**EXERCISE**
Write out exactly the lines running from the one with "this 1344×1512 image." to the end of the data, including both of those lines and excluding pictures.

Collected data entries
+---+

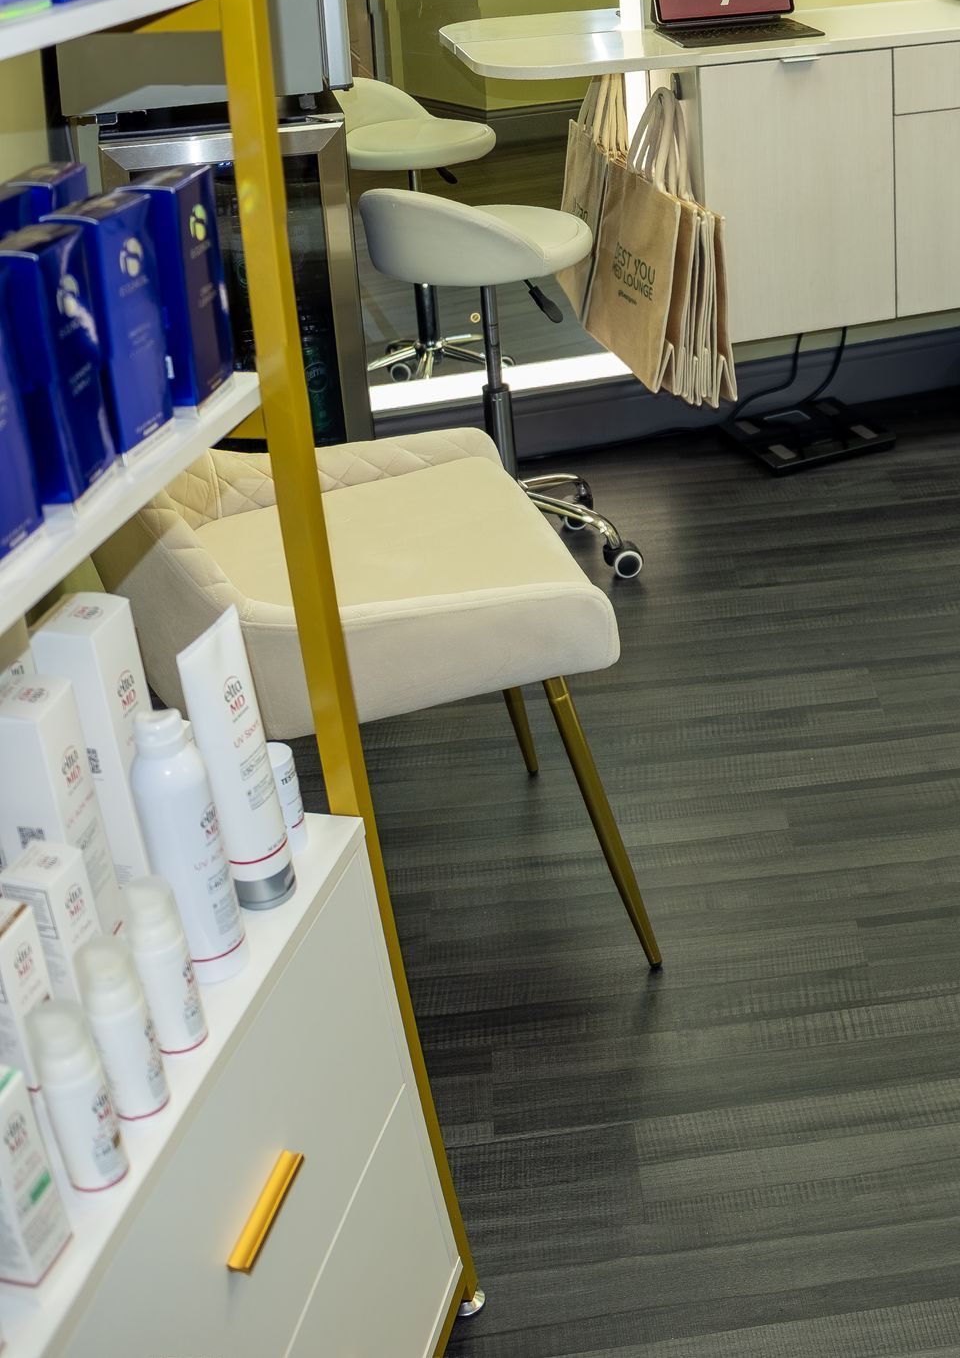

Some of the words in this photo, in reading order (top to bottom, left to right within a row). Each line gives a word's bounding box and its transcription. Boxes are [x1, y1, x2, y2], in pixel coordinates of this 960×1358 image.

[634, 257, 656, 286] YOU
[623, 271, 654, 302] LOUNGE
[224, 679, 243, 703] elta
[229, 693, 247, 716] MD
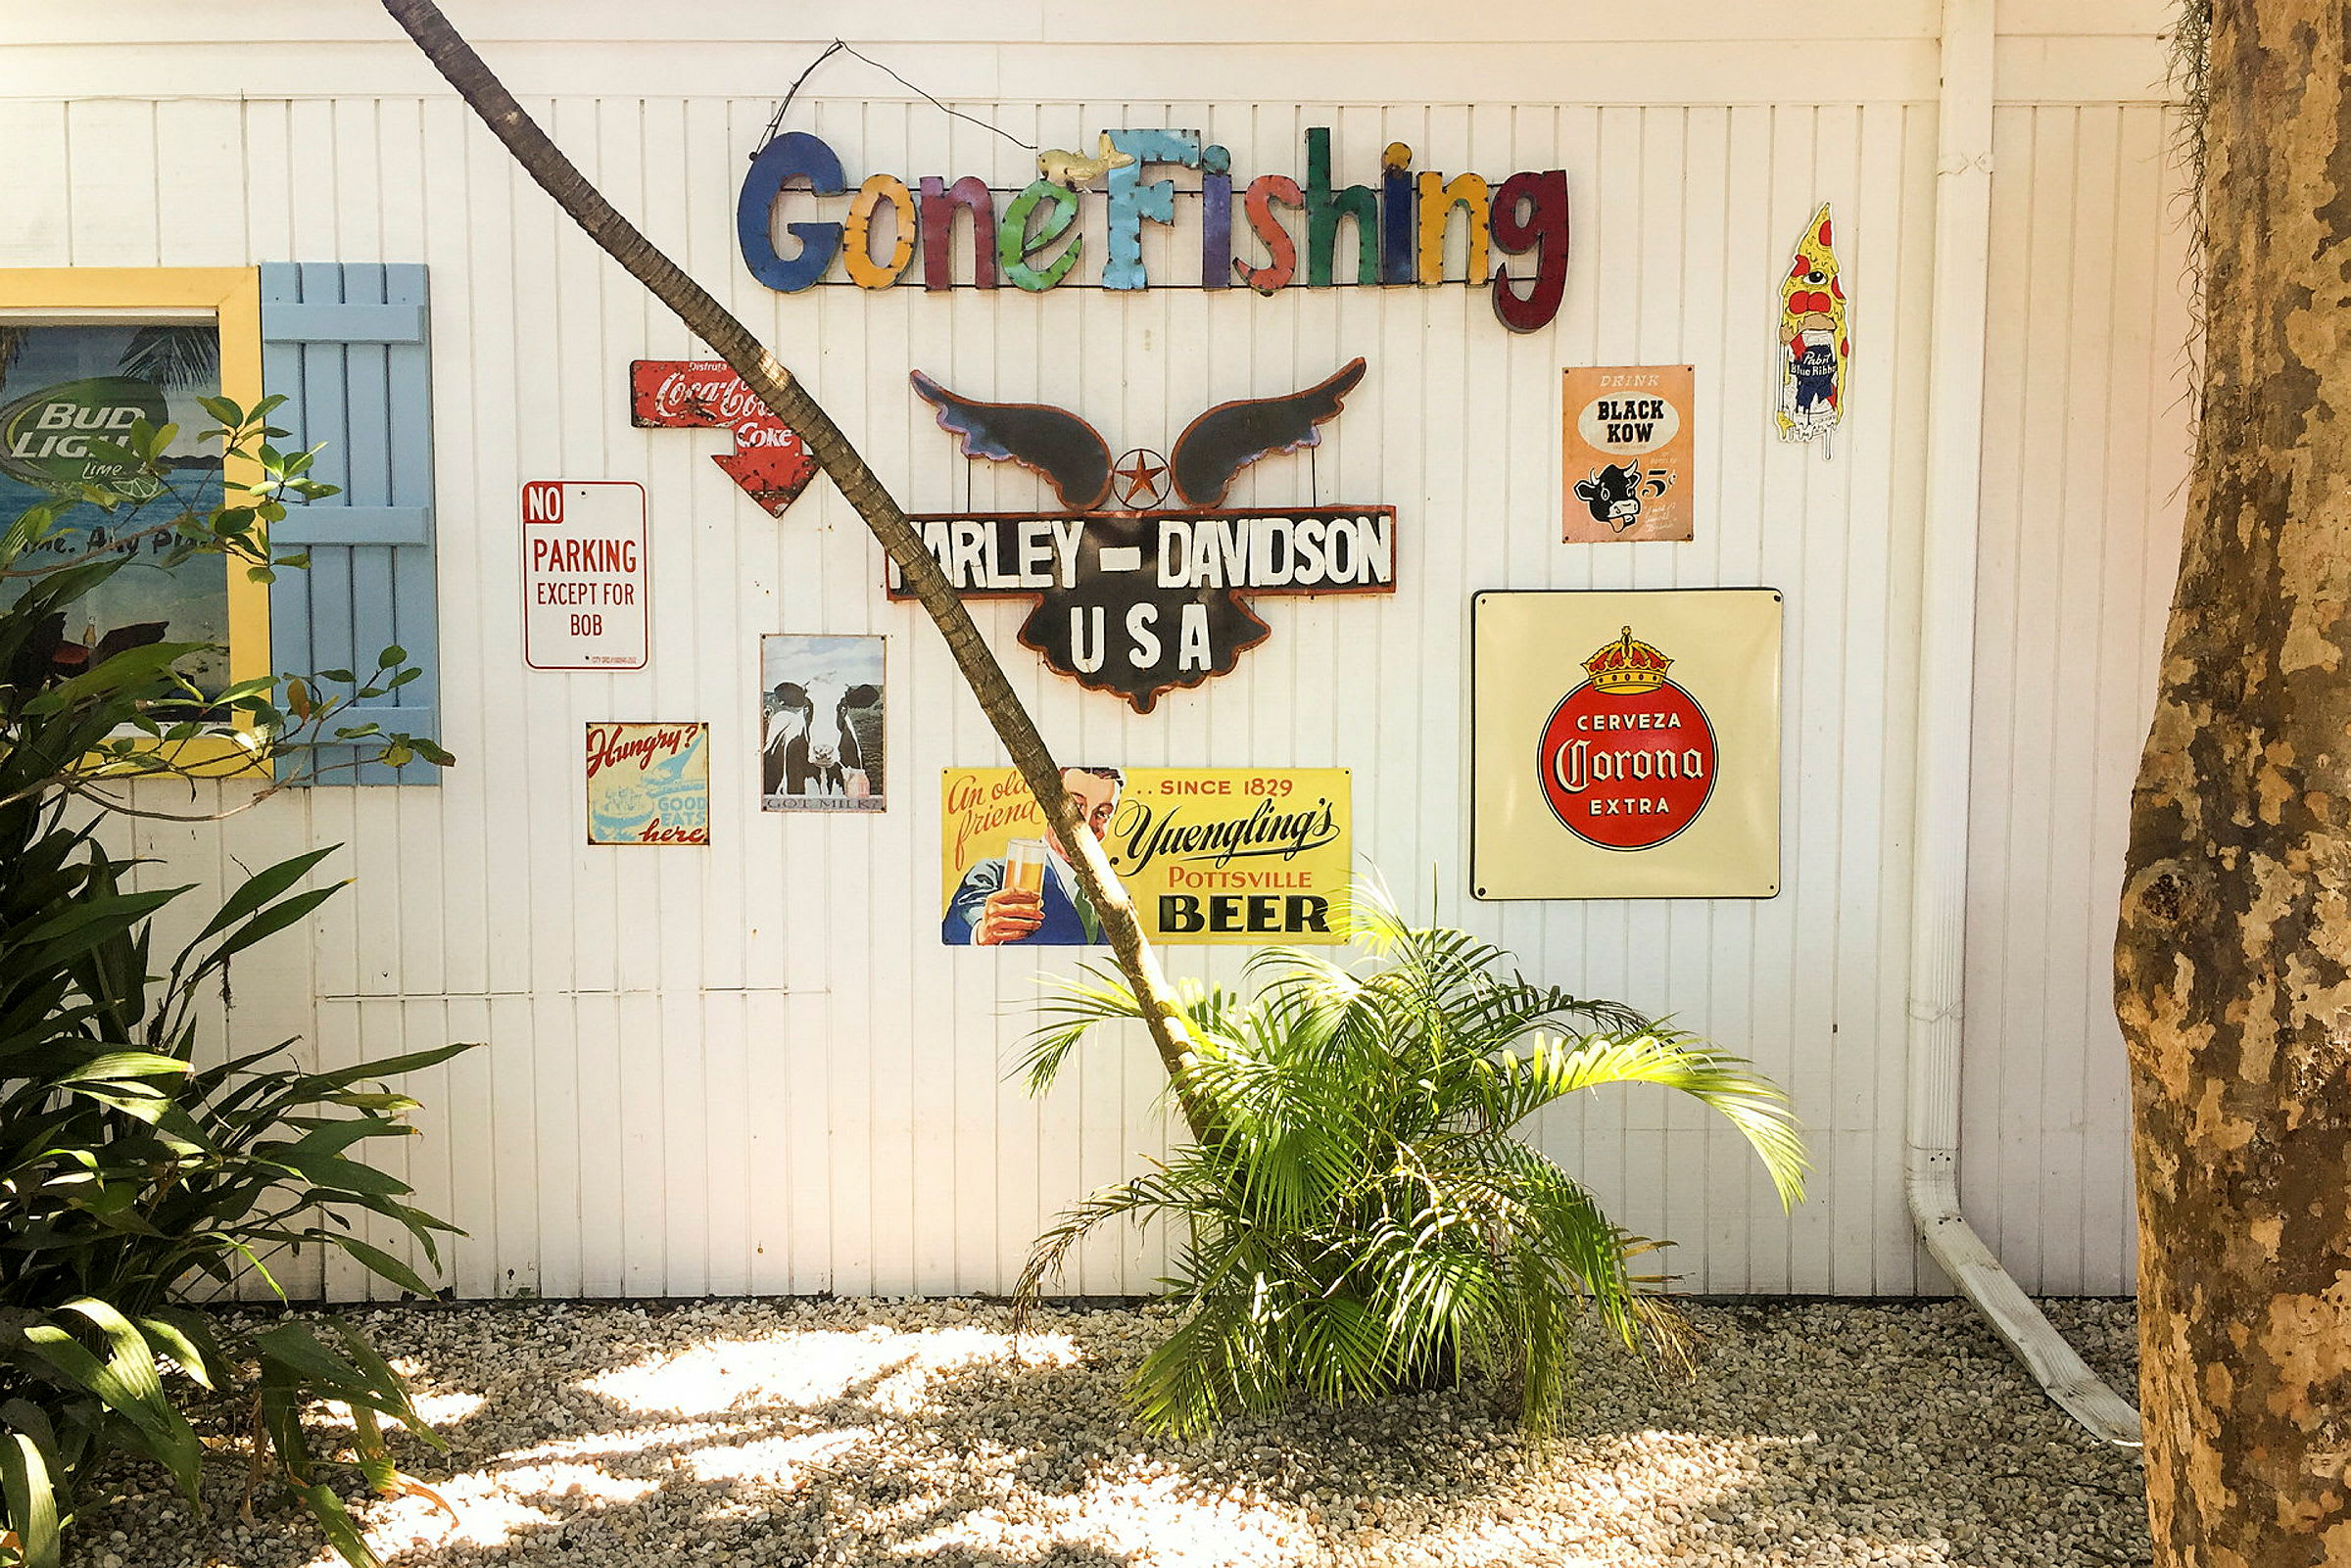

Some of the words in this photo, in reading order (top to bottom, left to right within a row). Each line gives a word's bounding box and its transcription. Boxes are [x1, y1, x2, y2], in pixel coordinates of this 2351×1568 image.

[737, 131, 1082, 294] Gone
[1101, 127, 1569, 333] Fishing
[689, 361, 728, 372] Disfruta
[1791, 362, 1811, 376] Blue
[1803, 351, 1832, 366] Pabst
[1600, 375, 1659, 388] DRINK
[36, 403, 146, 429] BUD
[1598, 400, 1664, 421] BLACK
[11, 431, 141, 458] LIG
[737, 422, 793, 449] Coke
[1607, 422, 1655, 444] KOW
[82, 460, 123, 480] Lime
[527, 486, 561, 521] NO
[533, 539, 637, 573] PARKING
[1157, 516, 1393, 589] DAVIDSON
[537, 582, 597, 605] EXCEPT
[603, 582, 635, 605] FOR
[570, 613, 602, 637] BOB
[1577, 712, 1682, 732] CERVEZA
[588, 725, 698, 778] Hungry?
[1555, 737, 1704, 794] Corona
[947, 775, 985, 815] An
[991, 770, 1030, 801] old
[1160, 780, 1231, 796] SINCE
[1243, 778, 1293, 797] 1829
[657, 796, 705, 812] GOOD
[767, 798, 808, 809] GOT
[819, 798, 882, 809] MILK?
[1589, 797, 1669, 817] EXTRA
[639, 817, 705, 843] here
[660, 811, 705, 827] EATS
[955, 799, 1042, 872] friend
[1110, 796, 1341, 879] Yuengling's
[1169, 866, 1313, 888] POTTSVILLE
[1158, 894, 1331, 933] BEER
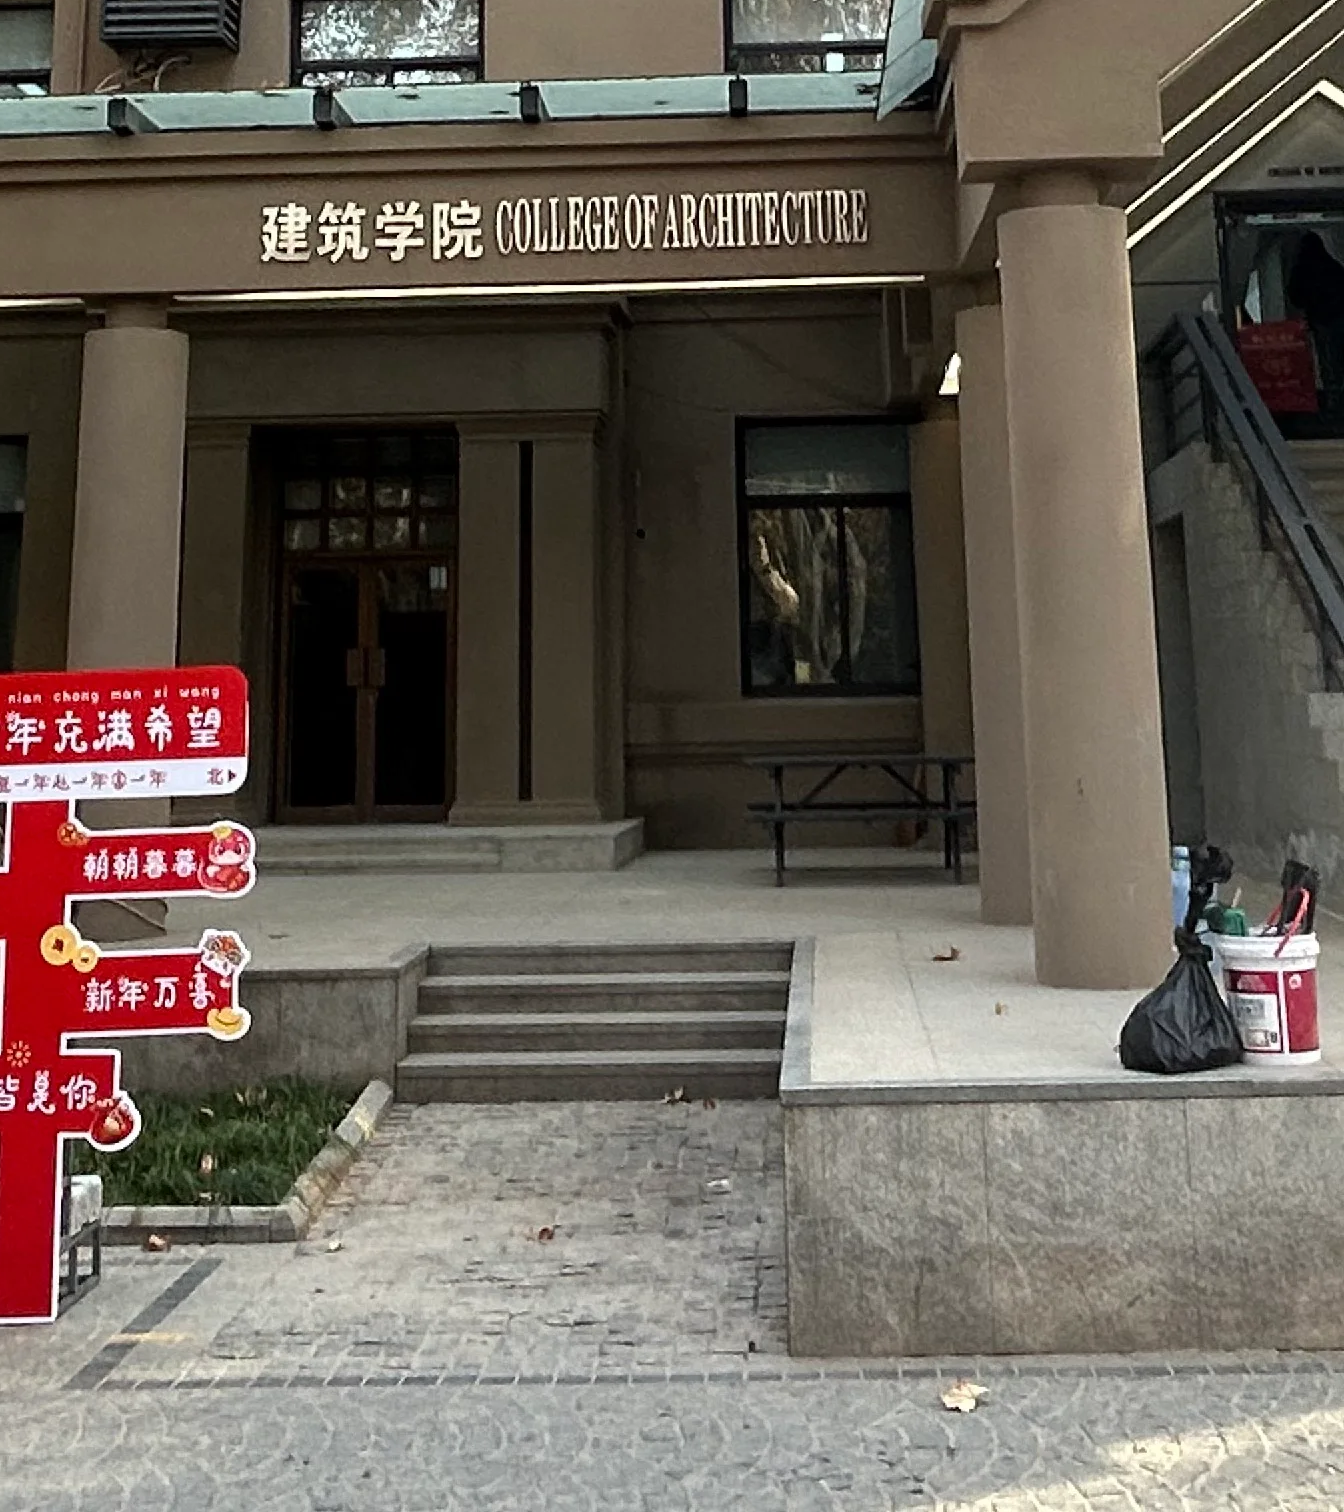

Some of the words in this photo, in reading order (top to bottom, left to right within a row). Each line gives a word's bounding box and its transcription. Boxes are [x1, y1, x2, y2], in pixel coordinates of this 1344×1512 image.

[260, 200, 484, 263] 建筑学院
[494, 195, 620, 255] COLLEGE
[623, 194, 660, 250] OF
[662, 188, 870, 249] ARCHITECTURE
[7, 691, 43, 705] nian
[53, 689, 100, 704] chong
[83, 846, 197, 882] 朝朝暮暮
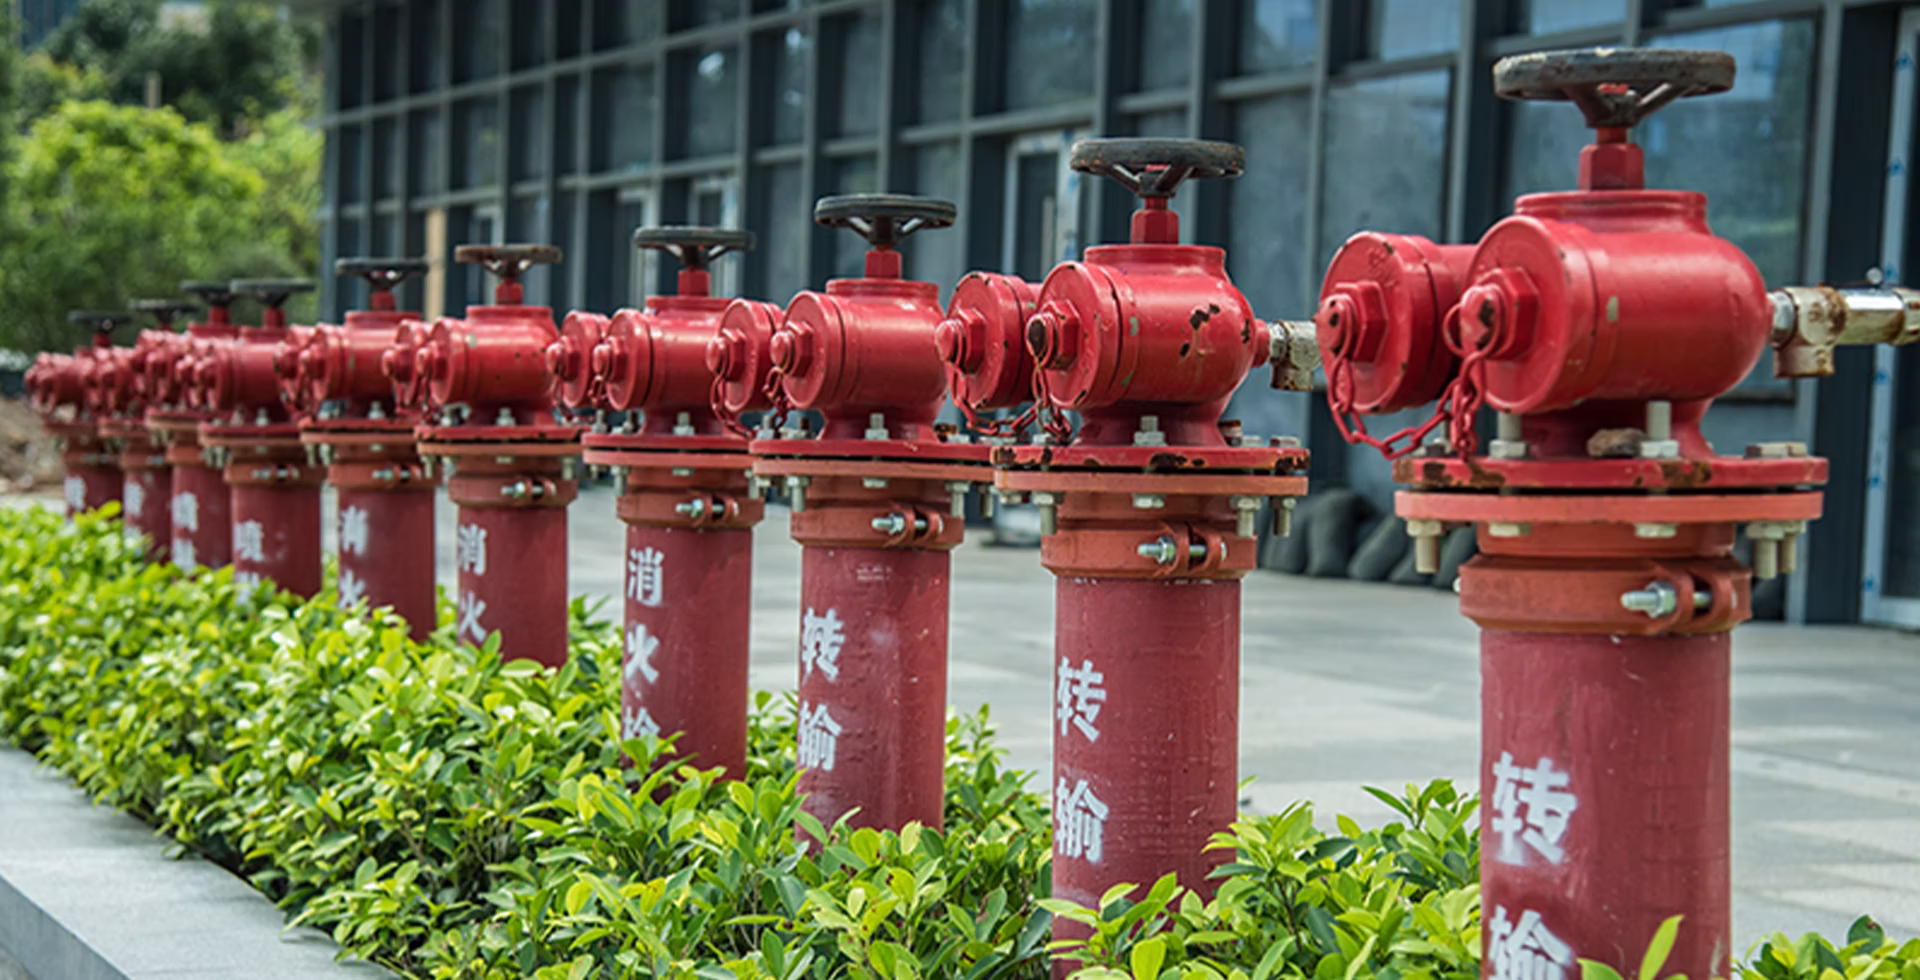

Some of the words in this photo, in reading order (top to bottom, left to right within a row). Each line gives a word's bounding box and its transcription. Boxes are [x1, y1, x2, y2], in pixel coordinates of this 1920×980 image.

+---+

**ANSWER BOX**
Some of the words in this photo, in reading order (top to bottom, left to right within a row). Each line gives a word's bounding box and its transcription. Boxes are [x1, y1, x2, y2], in pixel coordinates of this 1344×1512 image.

[260, 200, 484, 263] 建筑学院
[494, 195, 620, 255] COLLEGE
[623, 194, 660, 250] OF
[662, 188, 870, 249] ARCHITECTURE
[7, 691, 43, 705] nian
[53, 689, 100, 704] chong
[83, 846, 197, 882] 朝朝暮暮

Some of the words in this photo, in reading order (top to bottom, left to right within a row). Each line gives a word's bounding box and its transcription. Boxes are [x1, y1, x2, y2], in pixel coordinates of this 1920×980 image.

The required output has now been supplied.